A consultora Horton International em parceria com George Dutschke, da Universidade Atlântica e Julio García del Junco, da Universidade de Sevilha apurou que os trabalhadores portugueses consideram-se "quase, quase" felizes! O projeto de investigação denominou-se Happiness Works.

Resumindo, numa escala de 1 a 5, que considera que um trabalhador é feliz quando a resposta é igual ou superior a 4, o grau de felicidade dos portugueses é de 3,6.
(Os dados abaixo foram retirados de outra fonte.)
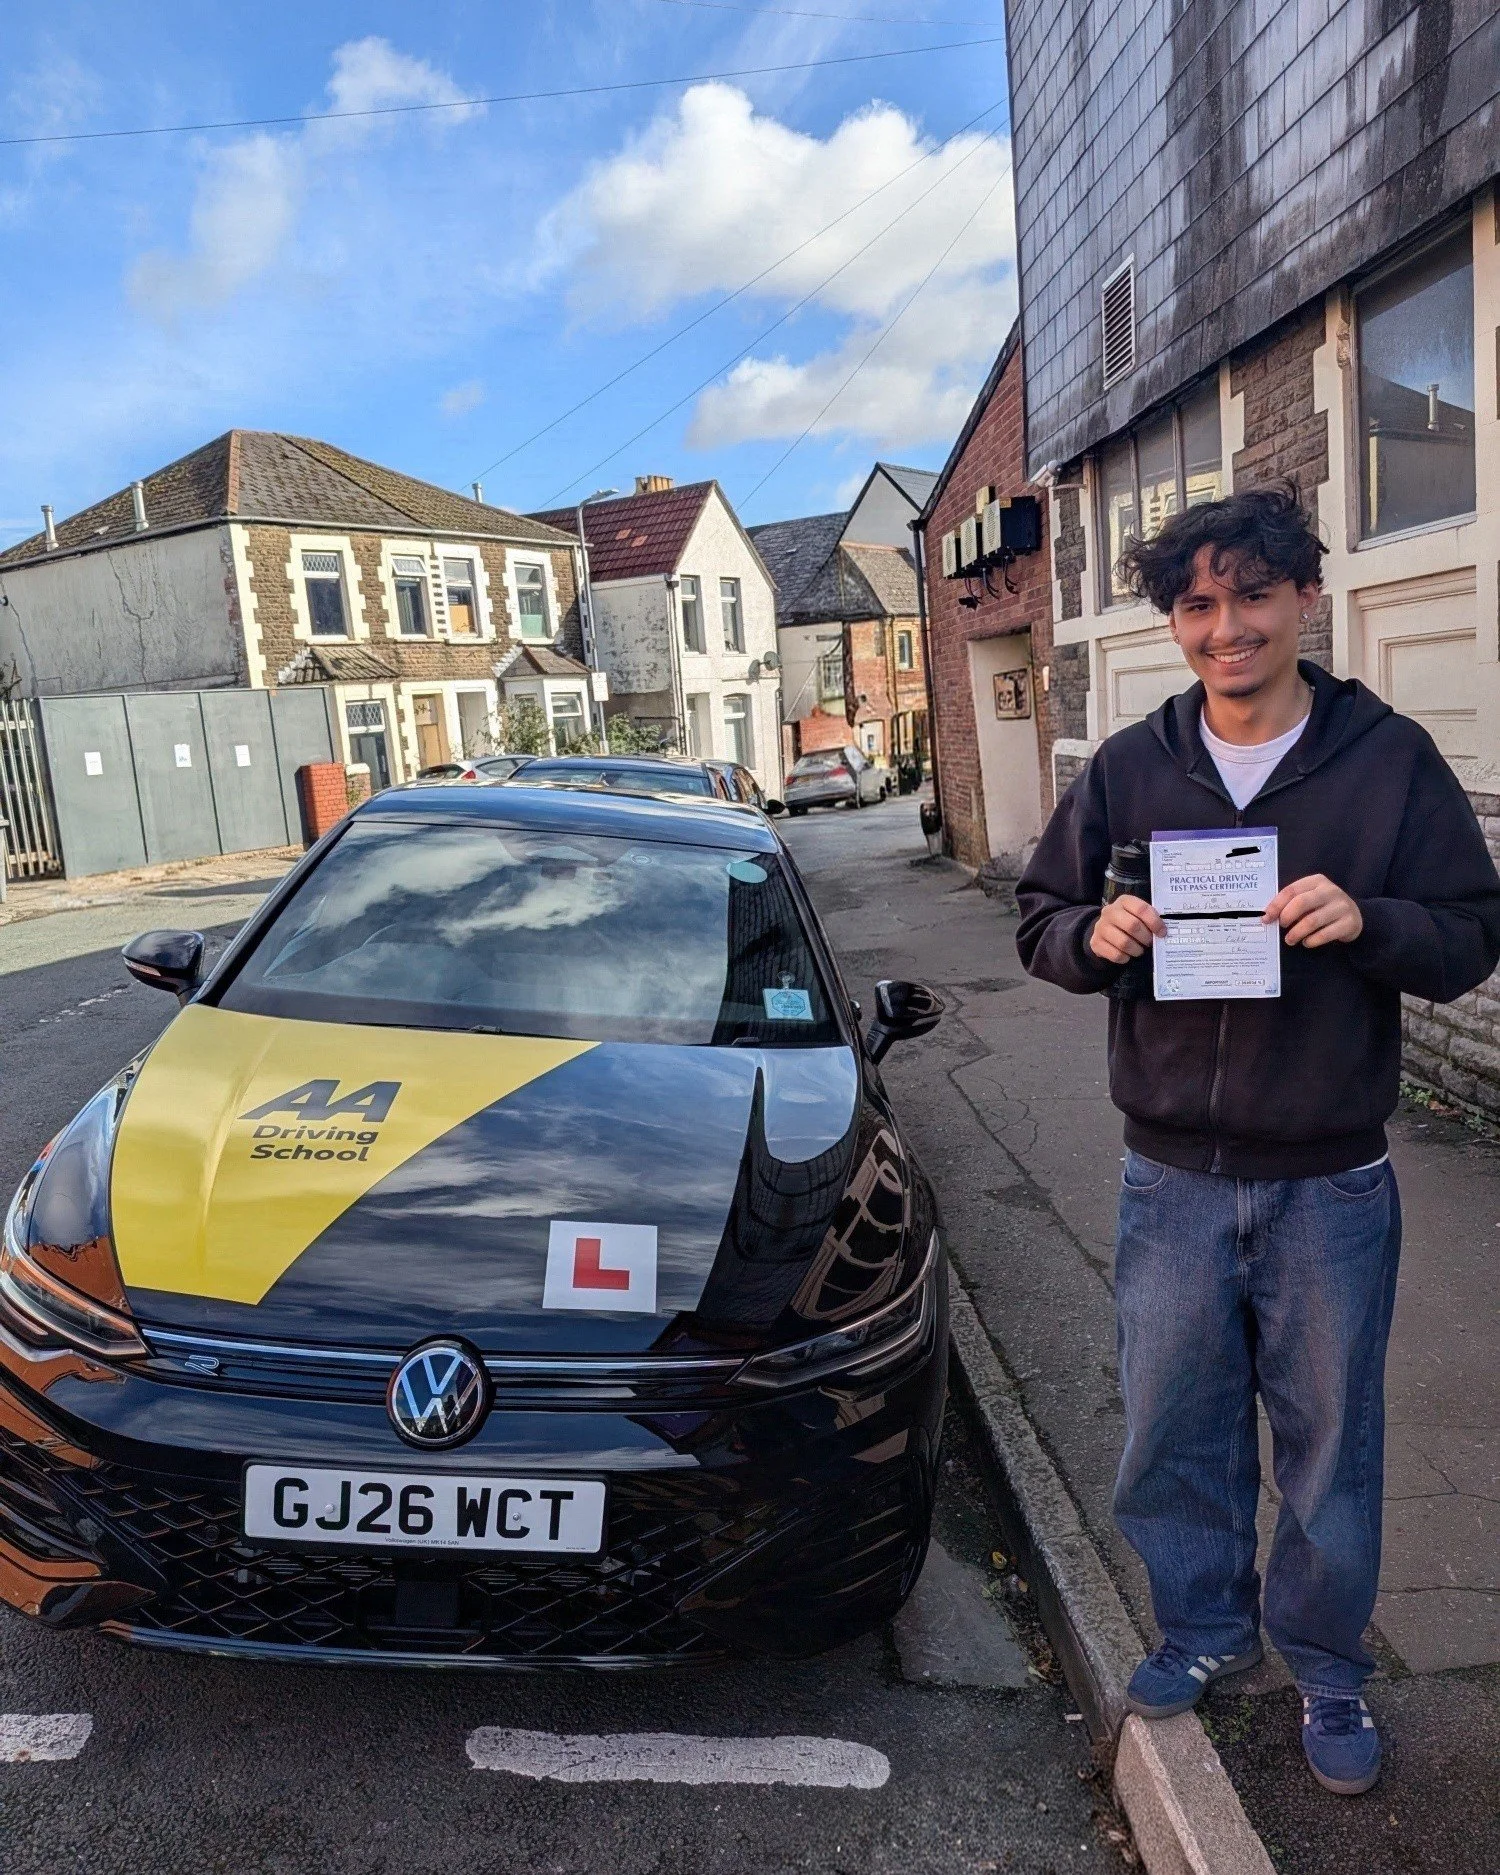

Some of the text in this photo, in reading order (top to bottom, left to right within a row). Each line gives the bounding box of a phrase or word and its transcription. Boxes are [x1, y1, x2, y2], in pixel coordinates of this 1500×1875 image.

[1169, 873, 1258, 884] PRACTICAL DRIVING
[1189, 883, 1208, 891] PASS
[1209, 881, 1258, 890] CERTIFICATE
[237, 1079, 402, 1122] AA
[252, 1125, 379, 1144] Driving
[250, 1144, 368, 1162] School
[572, 1237, 630, 1290] L
[272, 1476, 574, 1541] GJ26 WCT
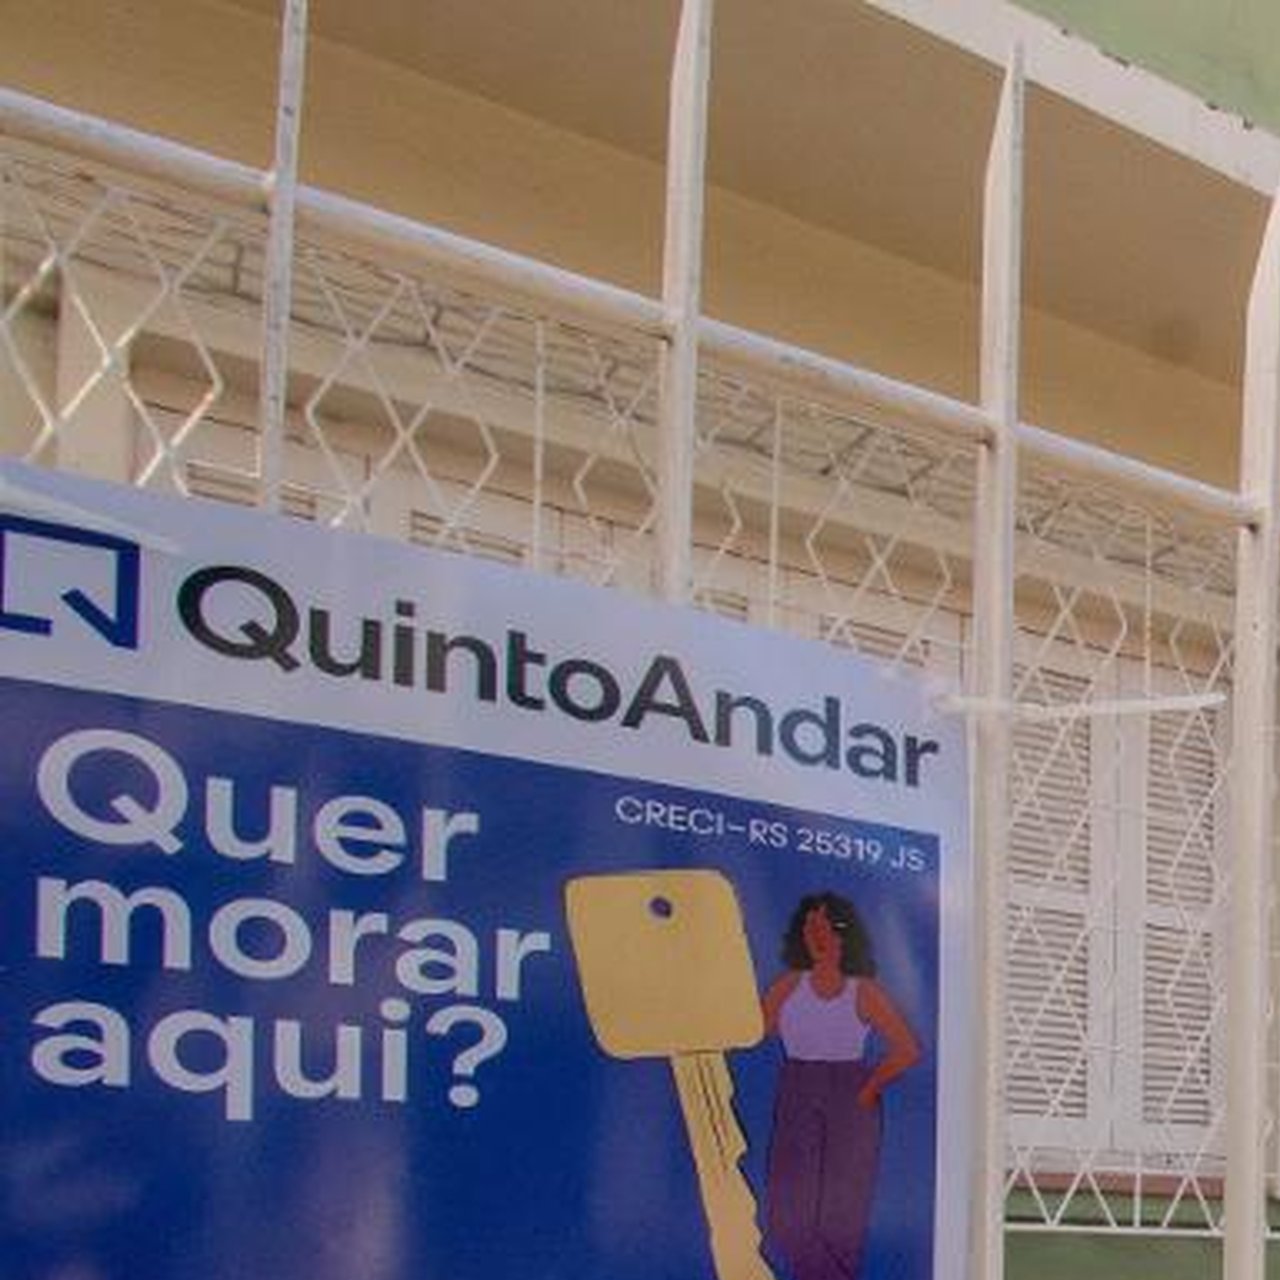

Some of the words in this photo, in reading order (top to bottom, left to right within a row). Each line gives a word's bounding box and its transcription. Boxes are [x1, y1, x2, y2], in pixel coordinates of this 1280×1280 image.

[175, 565, 939, 788] QuintoAndar
[36, 728, 480, 882] Quer
[795, 827, 883, 862] 25319
[890, 847, 926, 873] JS
[36, 879, 552, 1000] morar
[30, 998, 510, 1122] aqui?
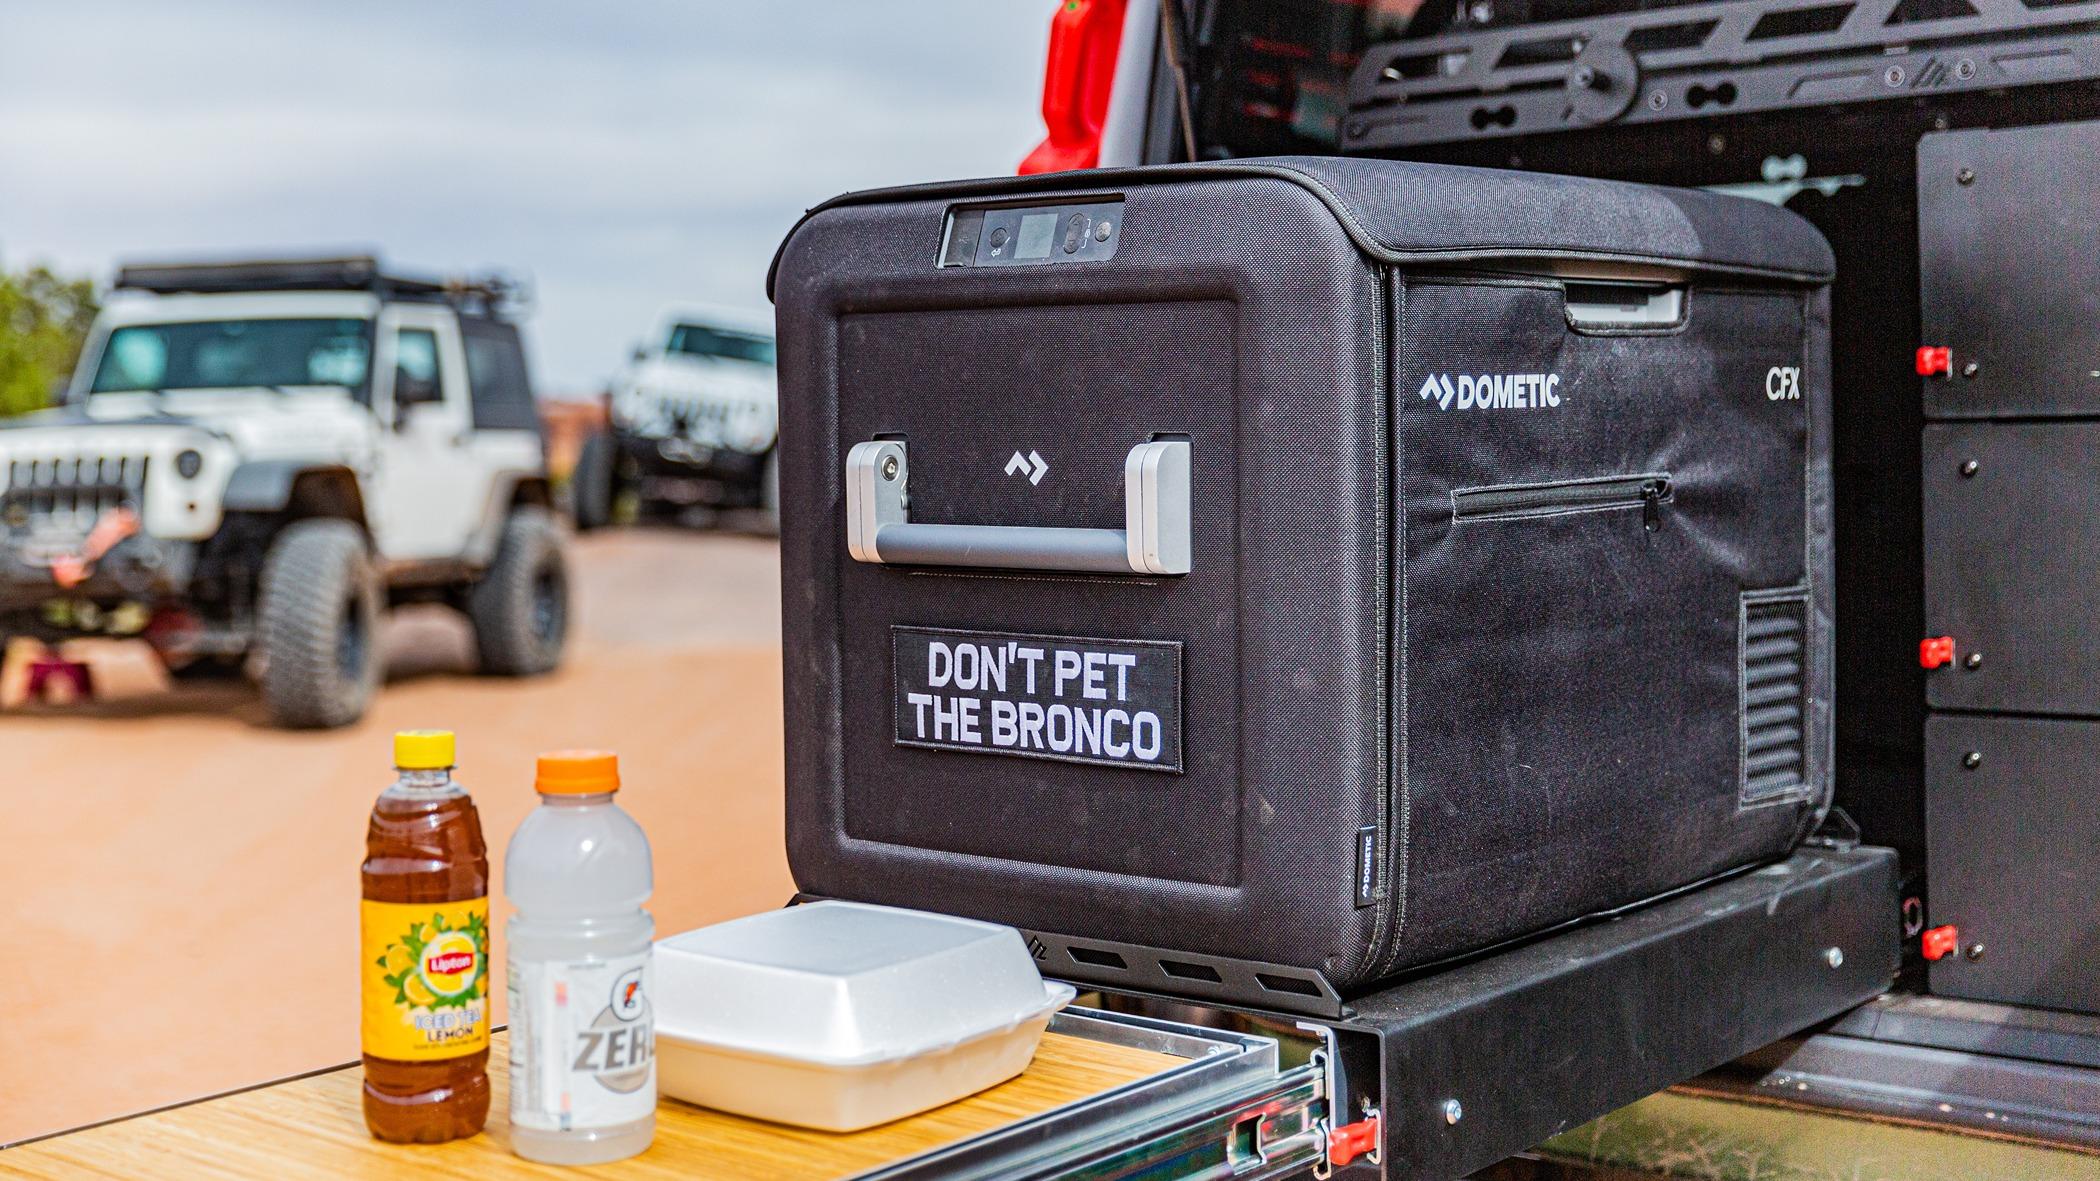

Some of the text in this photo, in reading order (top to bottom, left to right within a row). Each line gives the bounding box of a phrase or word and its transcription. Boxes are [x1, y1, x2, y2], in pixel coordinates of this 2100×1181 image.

Os portugueses relatam mais elevada sensação de felicidade laboral na função do que na empresa, ou seja, os portugueses atingem 3,7 na categoria "função desempenhada" e 3,4 na categoria "empresa". O valor médio da felicidade é de 3,4.

O Sector "construção e imobiliário" reporta ser o MAIS FELIZ (com índices de 4,1), e em oposição, os menos felizes parecem ser os trabalhadores do Estado e da área de transportes e logística (com valores de 3,2).

A metodologia passou pela aplicação de um questionário que apura em que medida os colaboradores são felizes na organização e na função.

As três grandes conclusões deste estudo sobre os trabalhadores portugueses refletem que:

  1. O reconhecimento, a possibilidade de desenvolvimento pessoal e profissional e o ambiente de trabalho são muito importantes para a felicidade na organização;
  2. A remuneração tem um peso importante mas não está nas três primeiras dimensões de importância;
  3. Ter os recursos necessários para o correto desempenho da função é uma dimensão muito importante para a felicidade profissional.

Apesar de ter sido realizado com uma amostra relativamente pequena de 810 profissionais, o estudo já ilumina o caminho, pois o conceito de felicidade organizacional começa a demonstrar-se o futuro da melhoria do trabalho e do mercado laboral. Começamos a afastarmo-nos de conceitos já muito estudados e antiquados como é o caso do burnout, stress no trabalho, insatisfação, depressão, etc. e aproximamo-nos de uma cada vez maior compreensão de como funcionam as pessoas que são felizes no trabalho e como é que elas atingem essa felicidade!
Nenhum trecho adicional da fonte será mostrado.